Find and return every line of the data that contains the word "SEMI".

-*-*-

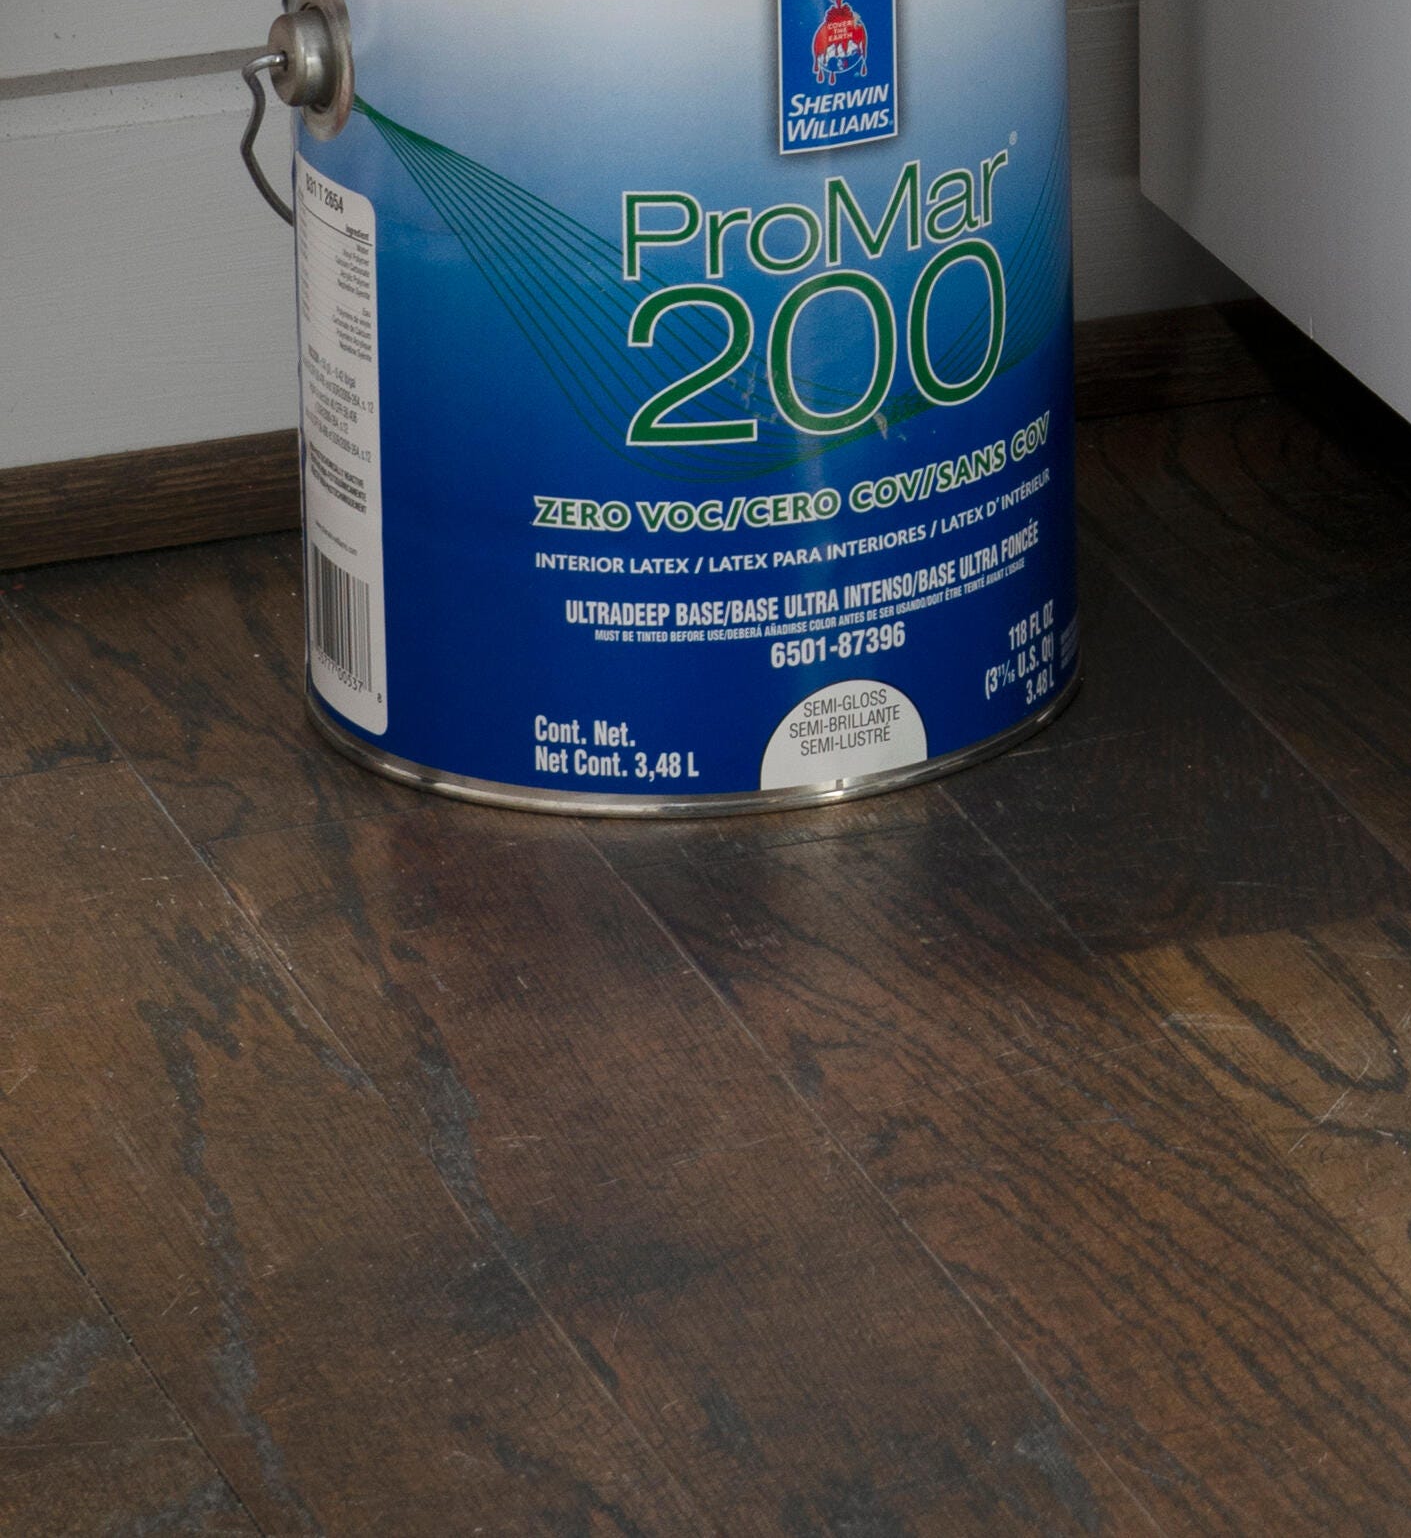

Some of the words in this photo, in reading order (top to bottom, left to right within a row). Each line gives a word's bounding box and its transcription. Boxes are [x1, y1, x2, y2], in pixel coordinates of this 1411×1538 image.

[788, 83, 889, 118] SHERWIN
[787, 108, 890, 144] WILLIAMS
[622, 149, 1008, 281] ProMar
[626, 237, 1006, 448] 200
[532, 494, 632, 533] ZERO
[634, 487, 842, 534] VOC/CERO
[849, 439, 1007, 513] COV/SANS
[1010, 409, 1051, 463] COV
[535, 552, 625, 574] INTERIOR
[629, 557, 690, 575] LATEX
[708, 552, 769, 574] LATEX
[772, 543, 823, 568] PARA
[826, 523, 927, 561] INTERIORES
[940, 504, 984, 535] LATEX
[1001, 466, 1051, 512] INTÉRIEUR
[565, 599, 671, 628] ULTRADEEP
[675, 596, 780, 628] BASE/BASE
[784, 588, 839, 619] ULTRA
[843, 559, 957, 611] INTENSO/BASE
[959, 543, 999, 581] ULTRA
[1000, 517, 1040, 564] FONCÉE
[594, 629, 621, 643] MUST
[622, 630, 635, 643] BE
[636, 630, 669, 643] TINTED
[670, 630, 706, 644] BEFORE
[707, 624, 763, 642] USE/DEBERÁ
[764, 620, 809, 638] AÑADIRSE
[808, 613, 838, 633] COLOR
[838, 610, 866, 628] ANTES
[866, 609, 879, 622] DE
[878, 604, 896, 619] SER
[1008, 619, 1028, 651] 118
[1029, 610, 1042, 640] FL
[1042, 598, 1055, 630] OZ
[770, 620, 908, 670] 6501-87396
[1017, 644, 1040, 678] U.S.
[803, 687, 889, 719] SEMI-GLOSS
[1026, 668, 1049, 706] 3.48
[1049, 663, 1055, 688] L
[535, 714, 587, 745] Cont.
[593, 719, 637, 748] Net.
[788, 703, 902, 740] SEMI-BRILLANTE
[799, 721, 892, 758] SEMI-LUSTRÉ
[535, 745, 569, 774] Net
[573, 748, 628, 778] Cont.
[635, 751, 682, 783] 3,48
[687, 751, 700, 778] L

-*-*-

# Response to this task:
[803, 687, 889, 719] SEMI-GLOSS
[788, 703, 902, 740] SEMI-BRILLANTE
[799, 721, 892, 758] SEMI-LUSTRÉ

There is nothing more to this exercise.